Chris’ note: When Amazon went public in 1997, everyday investors like you and me could have won big. Five-hundred dollars was all you needed to invest to have over $1 million today.

As our tech expert, Jeff Brown, describes below, these kinds of opportunities have now dried up for everyday investors. But they haven’t totally disappeared…

Jeff is hosting an Emergency Meeting tomorrow night to share the details of what he says could be the next Amazon… and you can get in for pennies on the dollar. Make sure to sign up for his free event here.

Then read on to learn from Jeff which opportunities you need to stay clear of…


In 1997, Amazon (AMZN) was nowhere near the web retail powerhouse it is today. There were many who doubted e-commerce would take off at all.

The early, heady days of the internet made stars of companies like eToys, Pets.com, and so many more… only to bring them crashing down when the dot-com bubble burst in the early 2000s.

We know now that Amazon didn’t go the way of these early failures. And its success would transform the entire retail space.

Amazon went public on May 15, 1997, at a valuation of $438 million. It started small. And it went public at a valuation that made sense for its size.

When a promising early stage company goes public, it can create historic opportunities for early investors to collect outsized gains. That’s what happened with Amazon…

On a split-adjusted basis, Amazon rose from $1.54 per share to over $3,200 per share today. That’s a gain of 211,782% – or 2,118 times your money. It’s enough to turn a $500 starting stake into $1 million and change.

What’s more, any investor could have reaped huge gains from an early investment in Amazon.

But a lot has changed since Amazon went public 24 years ago…

Now we see many private companies going public at valuations that simply make no sense.

And everyday investors often no longer have the chance to get in when the price is right. That’s certainly the story with some of the most infamous recent initial public offerings (IPOs)…

Avoid Overvalued IPOs

Companies like Amazon used to go public BEFORE they experienced massive growth.

But today’s companies are choosing to stay private longer – and going public only when they’re much larger.

And based on the current landscape for IPOs, most companies going public now would guarantee considerable losses.

Simply put, their earliest stages of growth have already passed.
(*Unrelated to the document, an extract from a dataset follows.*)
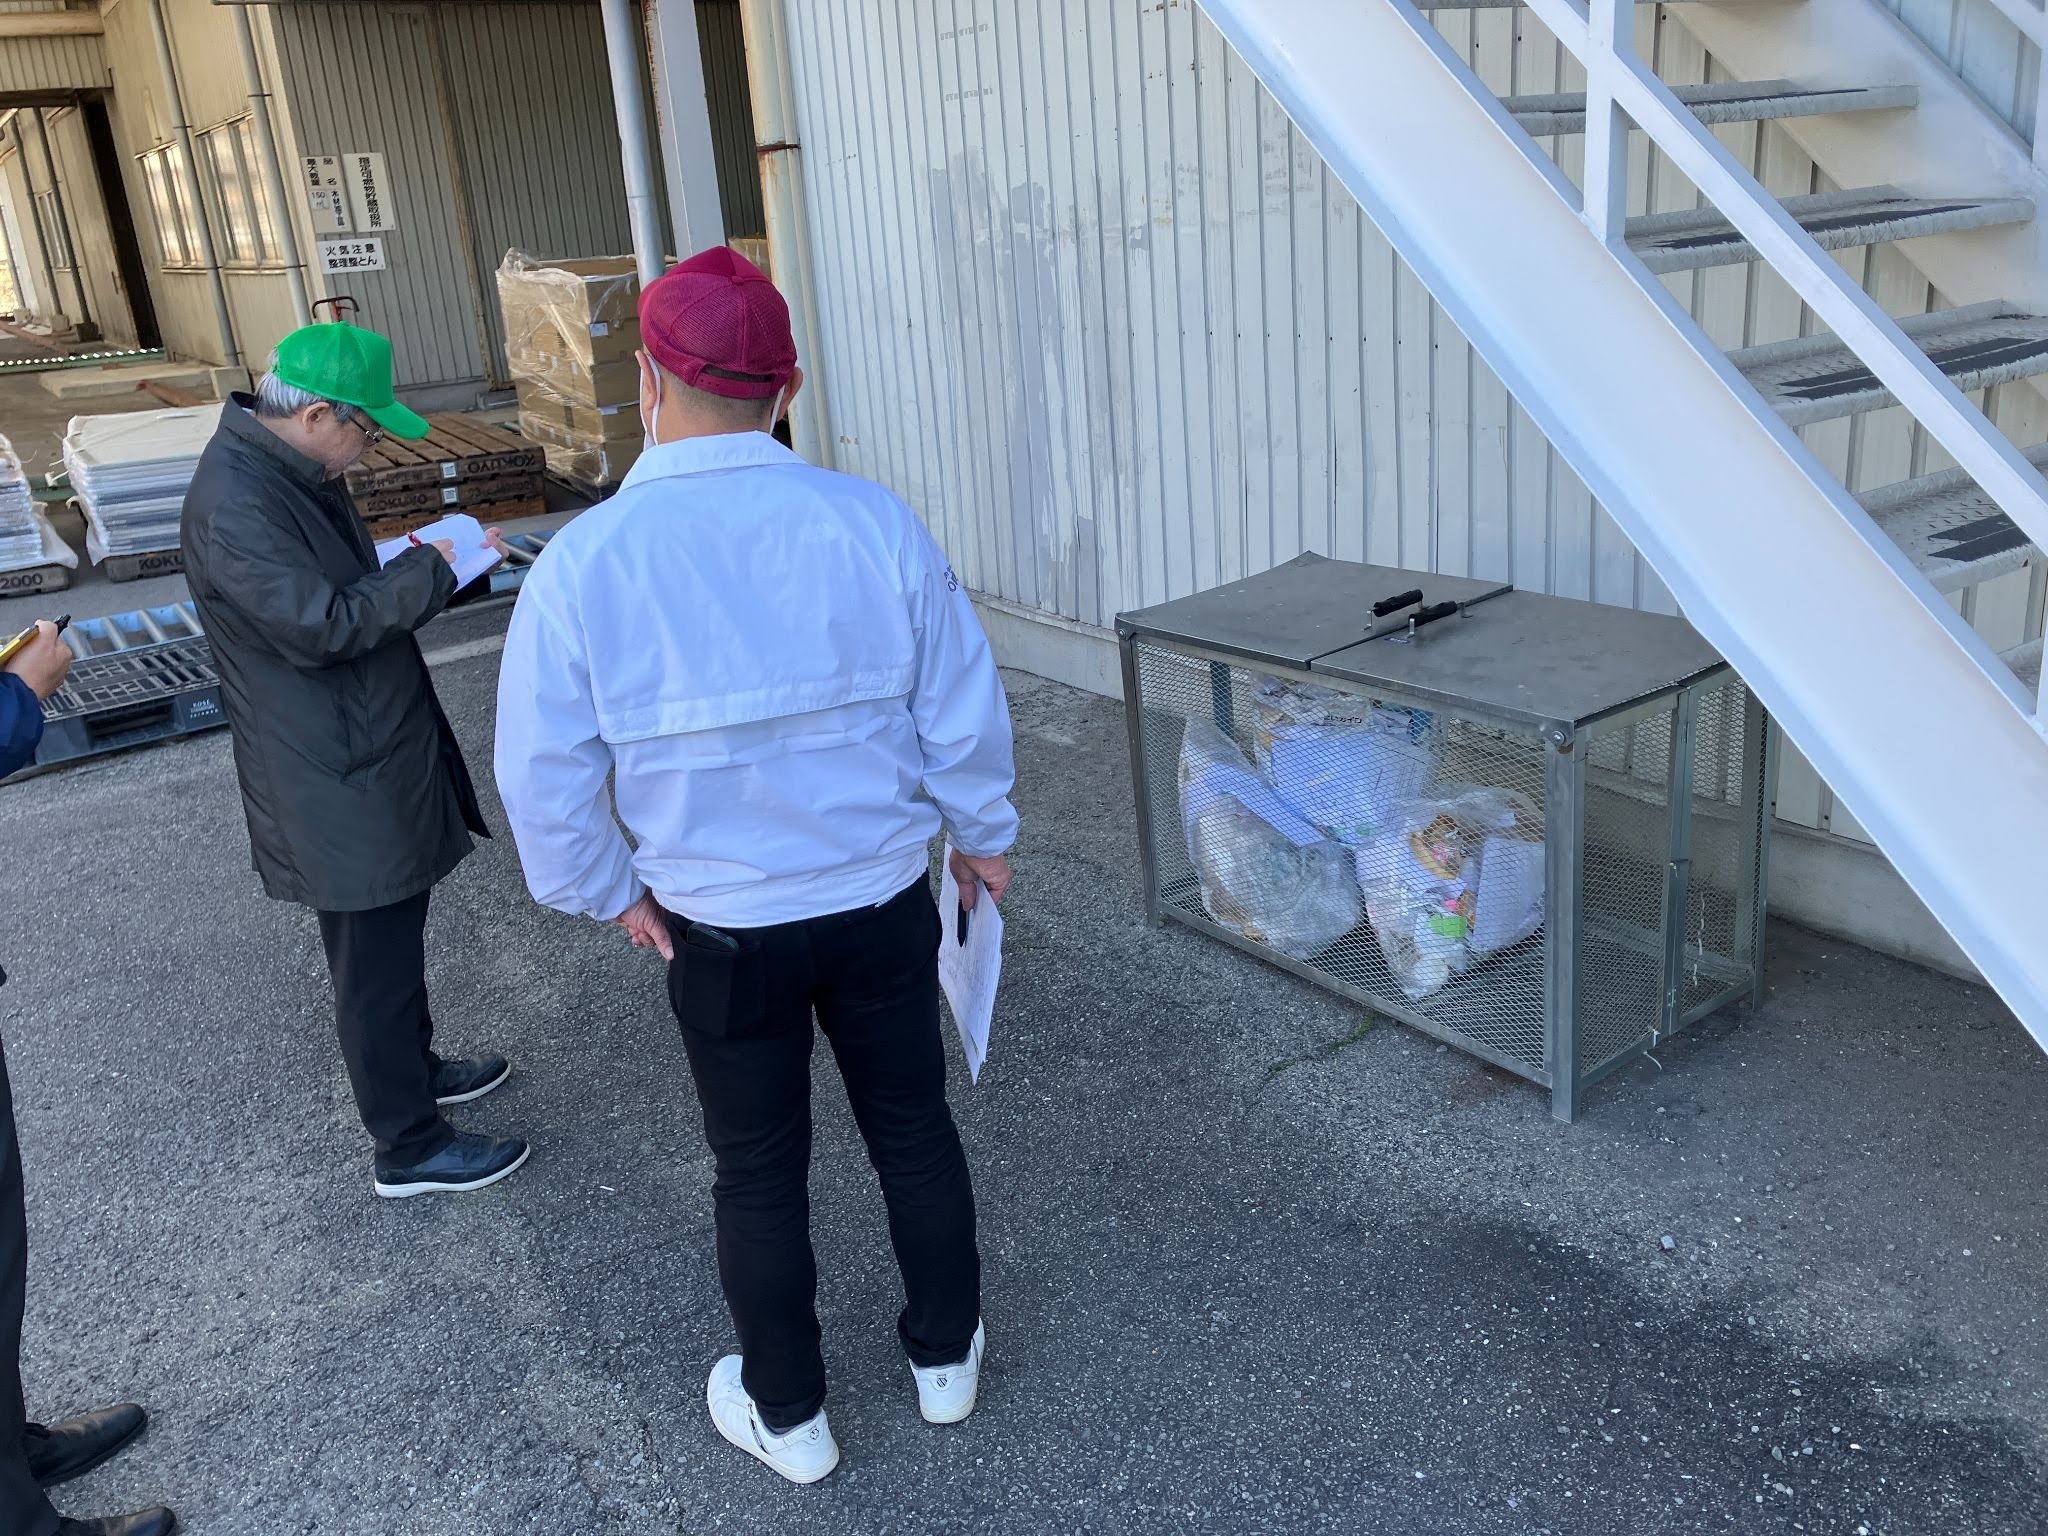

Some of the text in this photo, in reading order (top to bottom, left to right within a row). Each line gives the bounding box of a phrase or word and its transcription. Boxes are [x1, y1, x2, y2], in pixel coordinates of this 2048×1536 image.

[326, 243, 375, 256] 火気注意
[328, 256, 377, 269] 整理整とん
Retail investors can only pick up the scraps.

Here are some recent examples…

Uber (UBER) was the premiere IPO of 2019. It went public with an enterprise value of about $75 billion. That’s 171 times more than Amazon’s valuation when it IPO’d.
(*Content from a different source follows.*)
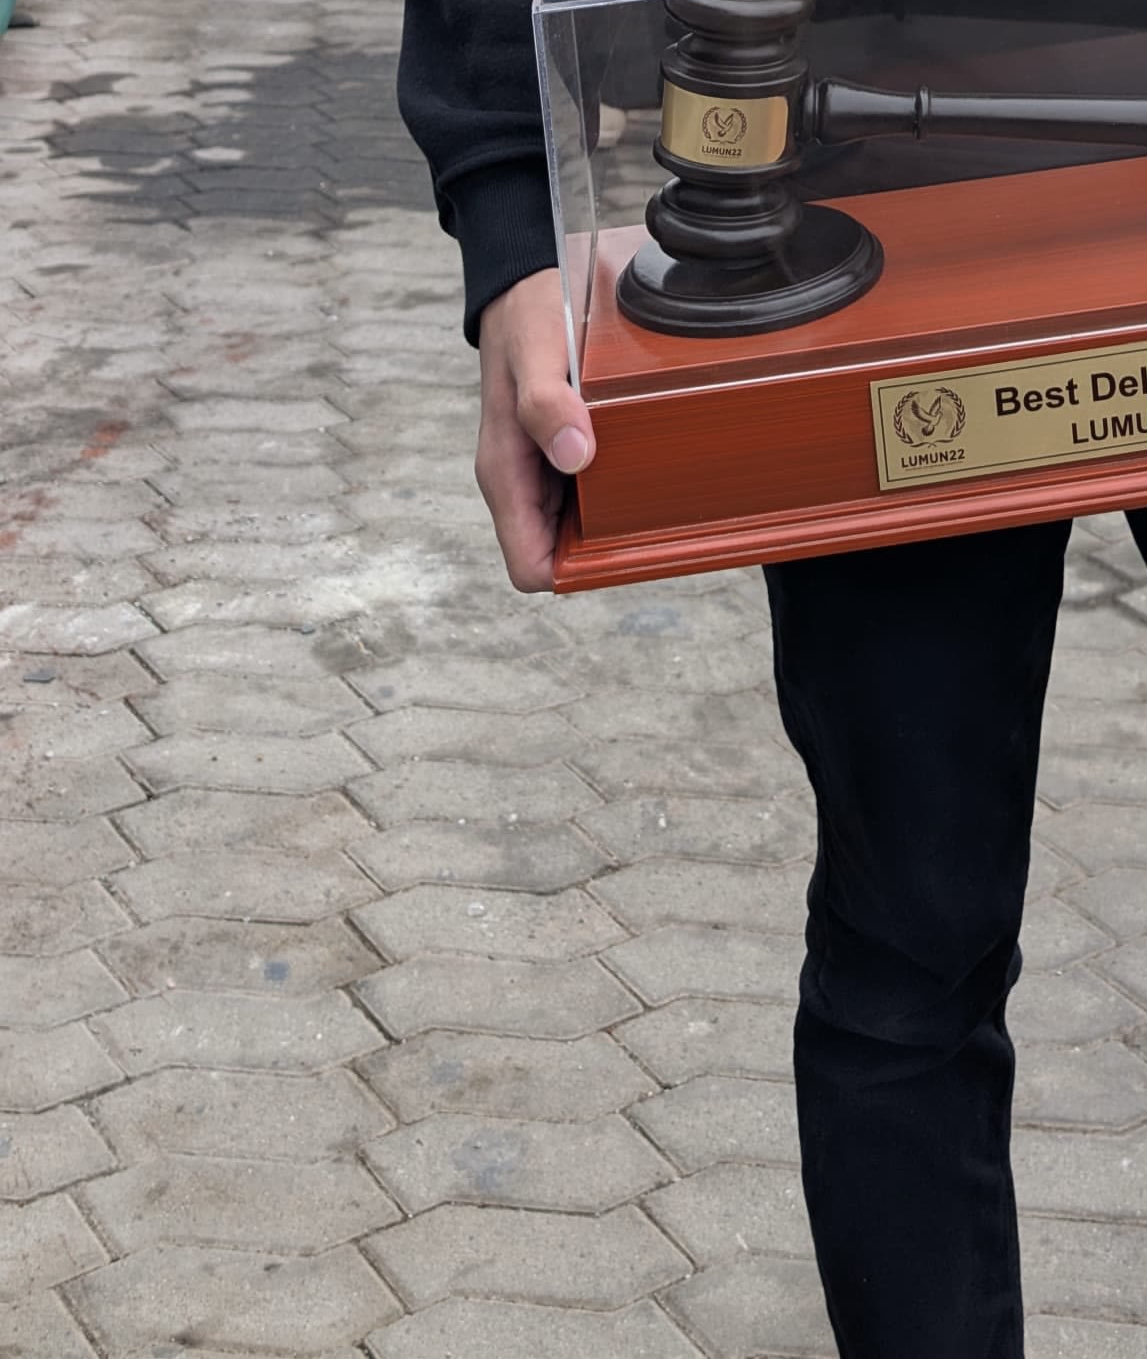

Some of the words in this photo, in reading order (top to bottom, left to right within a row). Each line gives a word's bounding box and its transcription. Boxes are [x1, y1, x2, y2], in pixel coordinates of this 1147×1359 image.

[701, 145, 742, 156] LUMUN22
[994, 377, 1080, 417] Best
[900, 448, 966, 469] LUMUN22
And practically all the gains went to private investors.

Some early investors turned $25,000 into $124 million… $50,000 into $248 million… or even $220,000 into a whopping $1 billion. This was far from the case for retail investors.

UBER plunged about 44% in the six months following its IPO. And retail investors who entered after the IPO and held on until now would have realized gains of only about 20%. That’s enough to turn every $1 investment into $1.20.
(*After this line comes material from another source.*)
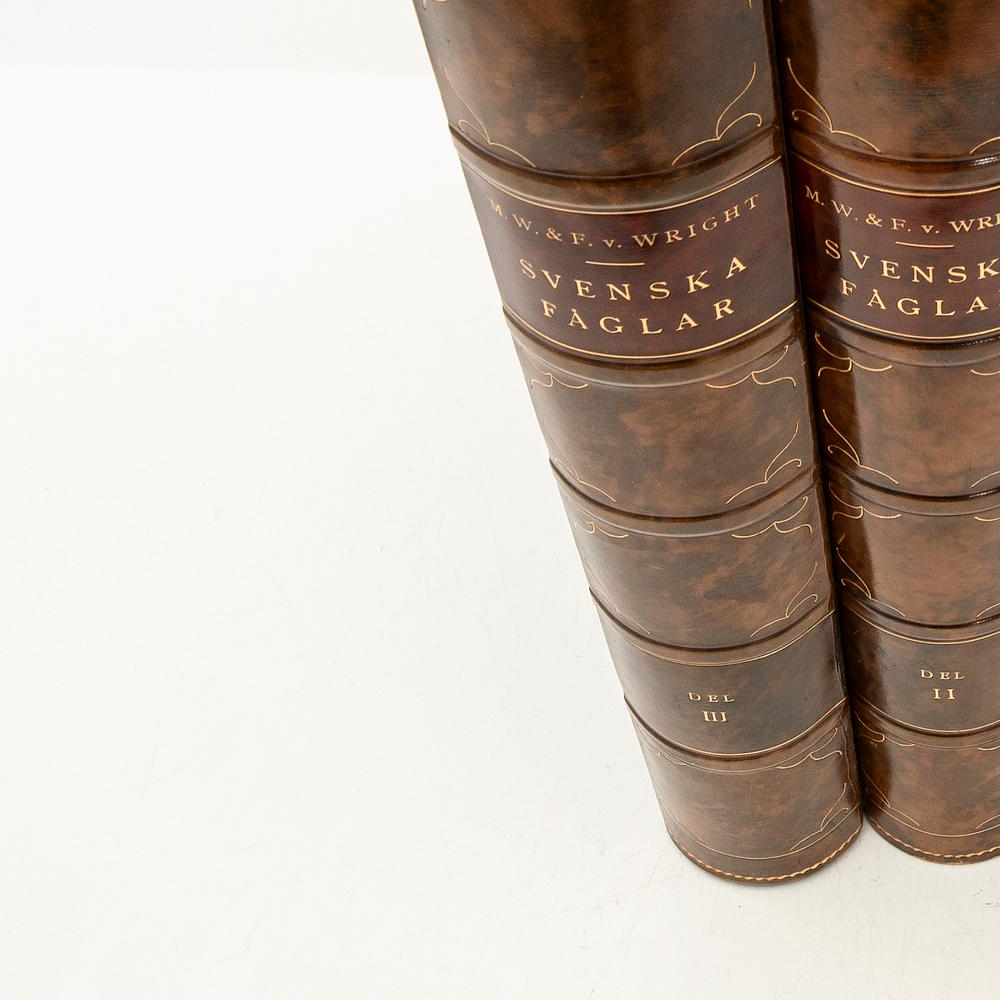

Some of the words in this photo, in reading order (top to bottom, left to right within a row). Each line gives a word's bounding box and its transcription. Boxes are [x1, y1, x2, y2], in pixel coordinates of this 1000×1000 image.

Or take data management software company Snowflake (SNOW). Last year, it held its highly anticipated IPO at a sky-high valuation of more than $65 billion. That made it the largest software IPO to date.

But smart investors could see Snowflake was nothing like Amazon in its earliest days. Snowflake has been around since 2012, building up its valuation in private capital.

By the time it went public last year, shares were trading at more than $240. Its valuation shot up on the initial surge of investment.

But the run-up didn’t last long. Since its IPO, Snowflake’s valuation has dipped from its all-time high of more than $105 billion in December to about $60 billion today – a fall of more than 40%.

I could go on…

If You Don’t Want to Lose Your Shirt…

I bring up these examples to illustrate a simple truth – investing in these IPOs could’ve meant losing your shirt.

Wall Street overhyped these stocks – and retail investors paid the price.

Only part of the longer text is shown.